*What to work on:* Transcribe the listing below word for word but skip its images.

*Dataset entries:*
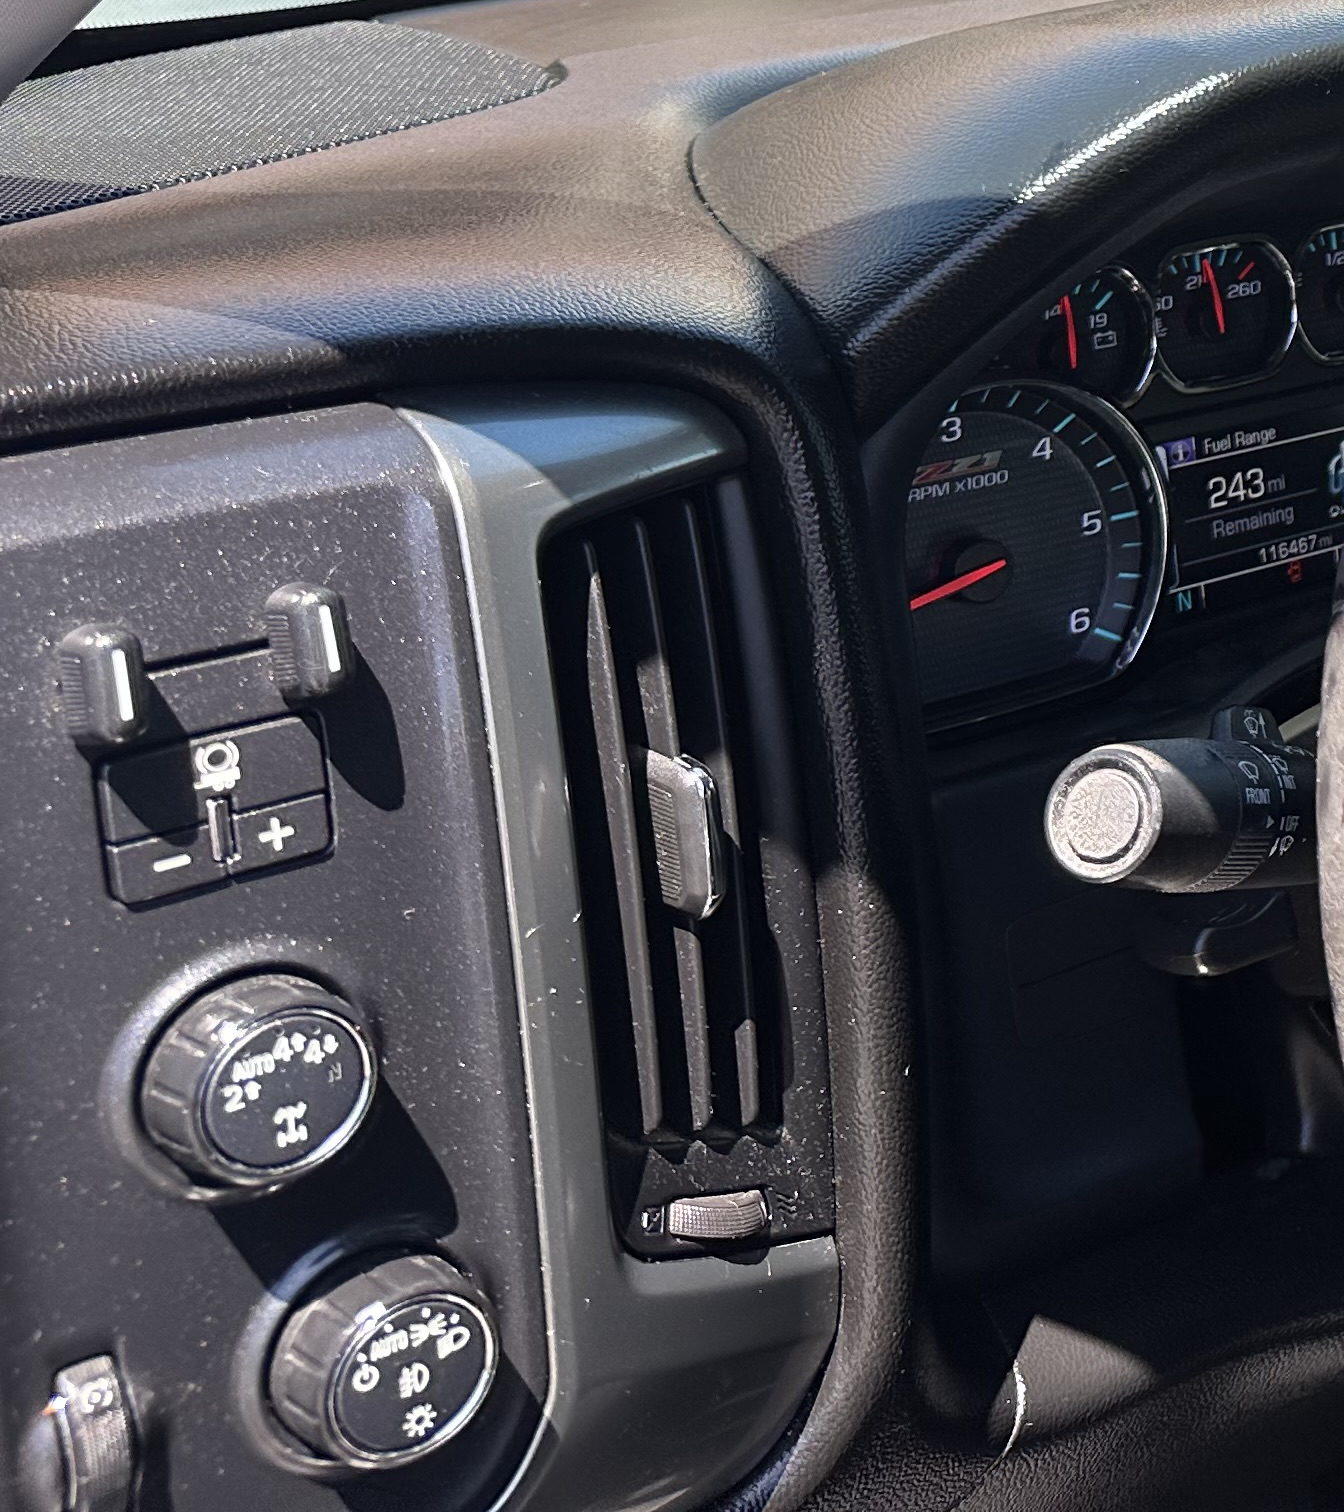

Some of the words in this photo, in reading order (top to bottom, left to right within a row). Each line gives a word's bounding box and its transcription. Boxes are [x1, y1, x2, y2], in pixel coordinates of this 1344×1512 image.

[1227, 280, 1262, 299] 260
[1089, 312, 1108, 329] 19
[941, 416, 962, 443] 3
[1203, 436, 1232, 455] Fuel
[1234, 427, 1277, 448] Range
[1031, 437, 1053, 461] 4
[908, 482, 951, 503] RPM
[1208, 468, 1265, 509] 243
[1081, 509, 1103, 536] 5
[1212, 506, 1295, 539] Remaining
[1259, 534, 1318, 563] 116467
[1176, 590, 1193, 613] N
[1070, 607, 1092, 634] 6
[1246, 787, 1272, 805] FRONT
[1286, 815, 1300, 832] OFF
[229, 1051, 276, 1083] AUTO
[369, 1330, 409, 1361] AUTO

*Task result:*
Some of the words in this photo, in reading order (top to bottom, left to right within a row). Each line gives a word's bounding box and its transcription. Boxes are [x1, y1, x2, y2], in pixel coordinates of this 1344×1512 image.

[1227, 280, 1262, 299] 260
[1089, 312, 1108, 329] 19
[941, 416, 962, 443] 3
[1203, 436, 1232, 455] Fuel
[1234, 427, 1277, 448] Range
[1031, 437, 1053, 461] 4
[908, 482, 951, 503] RPM
[1208, 468, 1265, 509] 243
[1081, 509, 1103, 536] 5
[1212, 506, 1295, 539] Remaining
[1259, 534, 1318, 563] 116467
[1176, 590, 1193, 613] N
[1070, 607, 1092, 634] 6
[1246, 787, 1272, 805] FRONT
[1286, 815, 1300, 832] OFF
[229, 1051, 276, 1083] AUTO
[369, 1330, 409, 1361] AUTO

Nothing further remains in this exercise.